Seriously, how can you see a person nearly every day of your life and never think a thing of it, then, all of a sudden, one day, it's different? You see that goofy grin a thousand times and just laugh. But goofy grin number 1,001 nearly stops your heart?
Right. That sounds like a bad movie already.
Matt Wainwright is constantly sabotaged by the overdramatic movie director in his head. He can't tell his best friend, Tabby, how he really feels about her; he implodes on the JV basketball team; and the only place he feels normal is in Mr. Ellis' English class, discussing the greatest fart scenes in literature and writing poems about pissed-off candy-cane lumberjacks.
If this were a movie, everything would work out perfectly. Tabby would discover that Matt's madly in love with her, be overcome with emotion, and fall into his arms. Maybe in the rain.
But that's not how it works. Matt watches Tabby get swept away by senior basketball star and all-around great guy Liam Branson.

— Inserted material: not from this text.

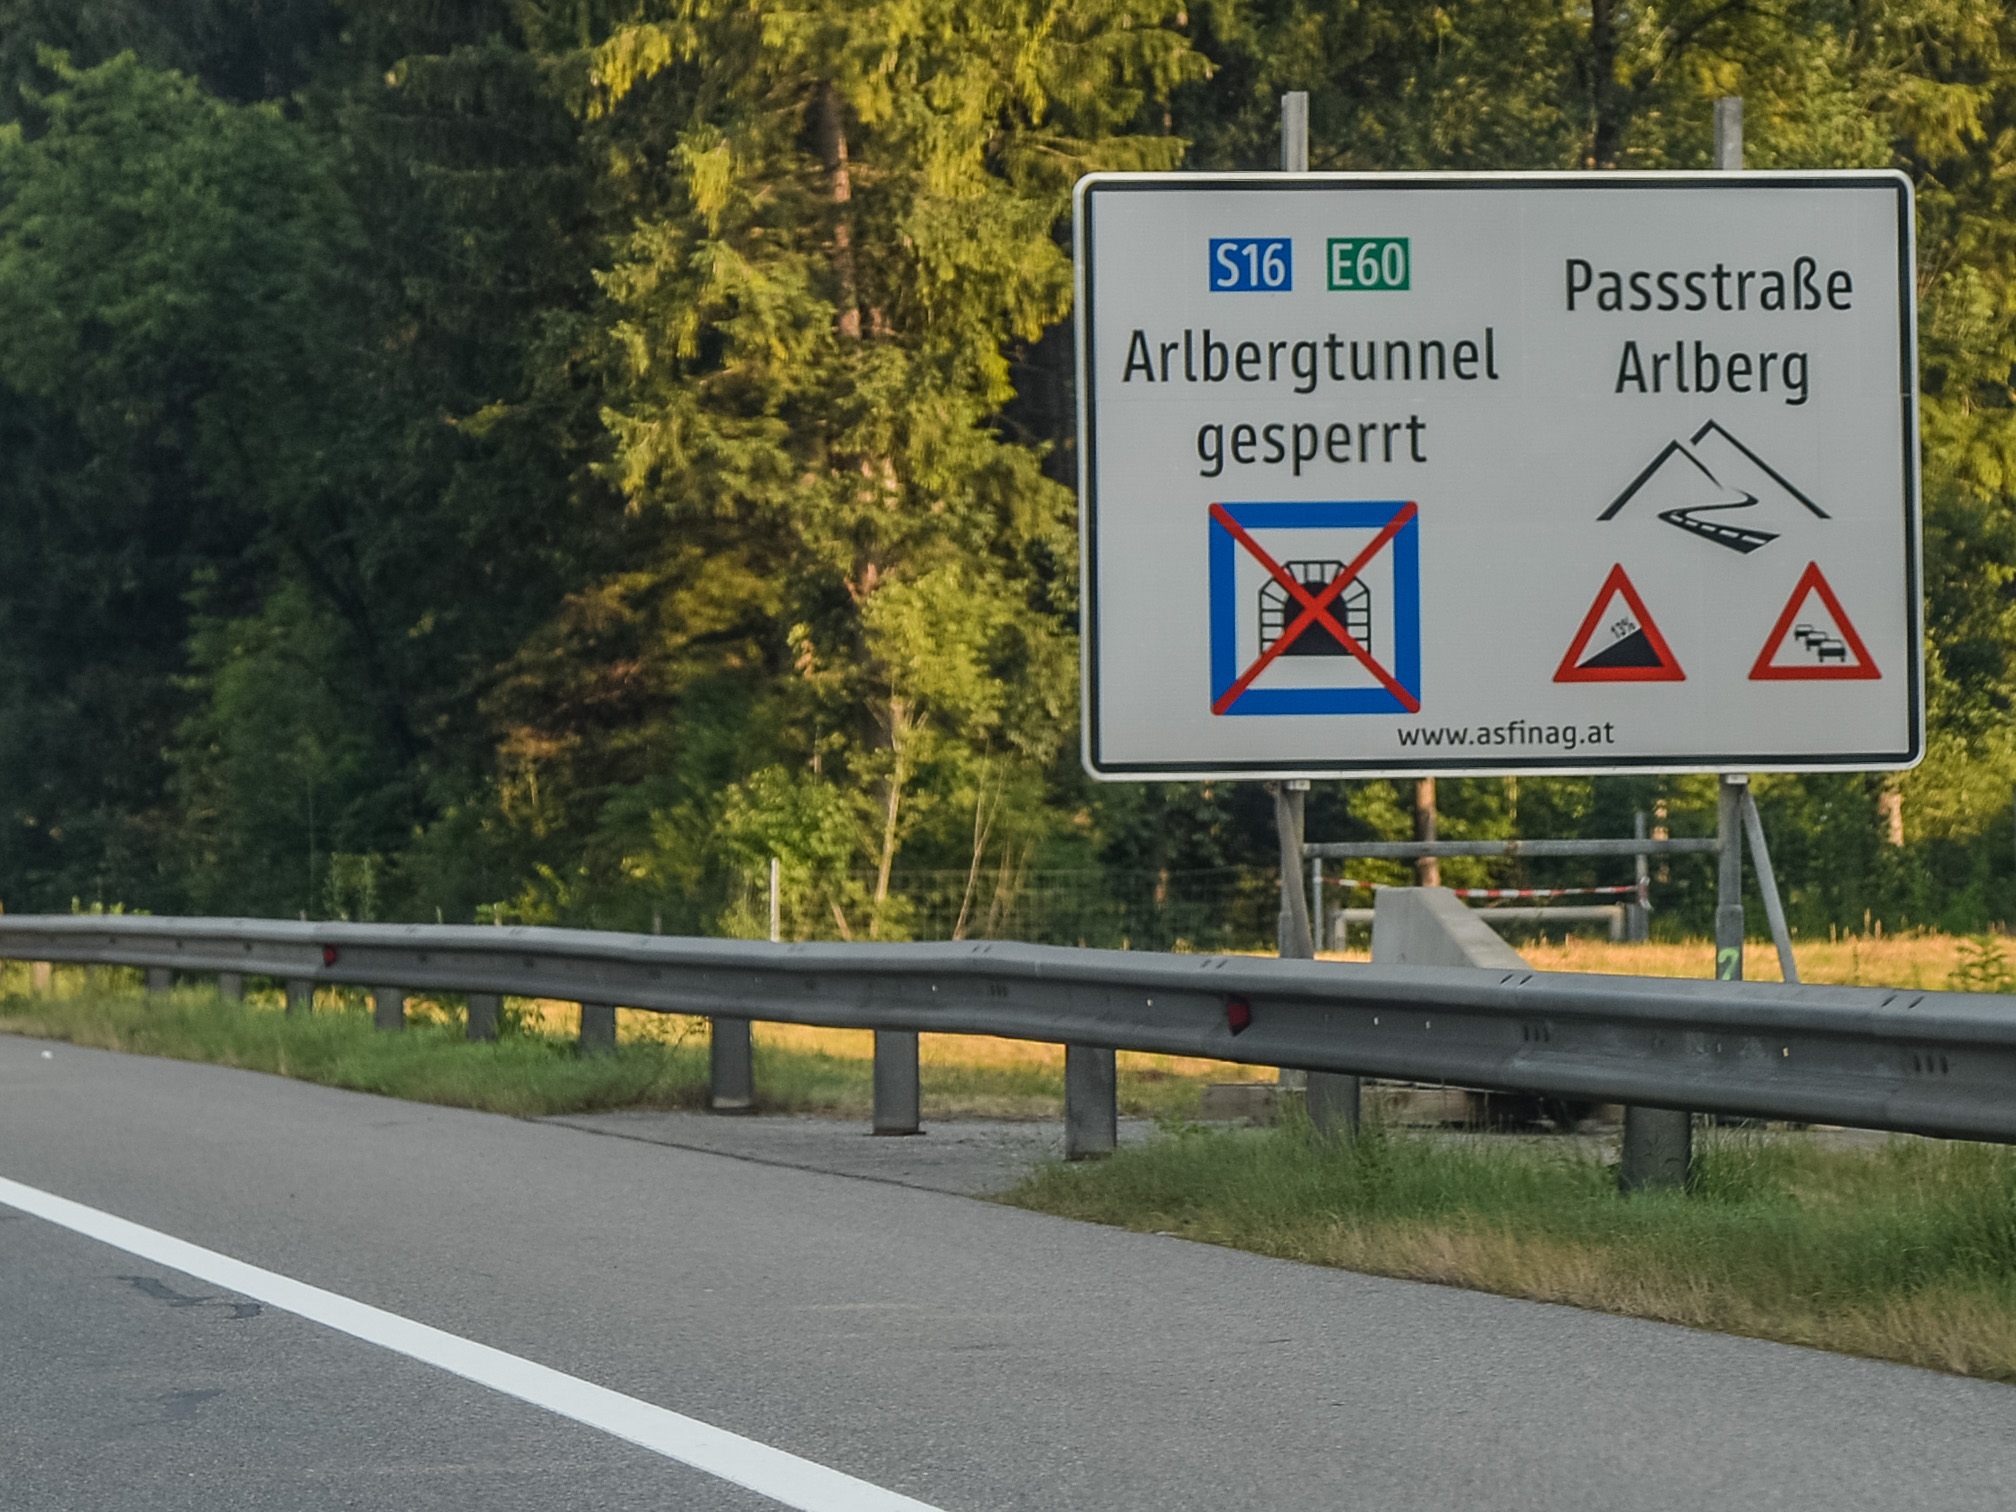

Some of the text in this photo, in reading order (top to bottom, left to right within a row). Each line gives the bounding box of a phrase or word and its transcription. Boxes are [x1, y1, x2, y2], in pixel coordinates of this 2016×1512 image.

Losing Tabby to Branson is bad enough, but screwing up and losing her as a friend is even worse.
After a tragic accident, Matt finds himself left on the sidelines, on the verge of spiraling out of control and losing everything that matters to him.
From debut author Jared Reck comes a fiercely funny and heart-wrenching novel about love, longing, and what happens when life as you know it changes in an instant.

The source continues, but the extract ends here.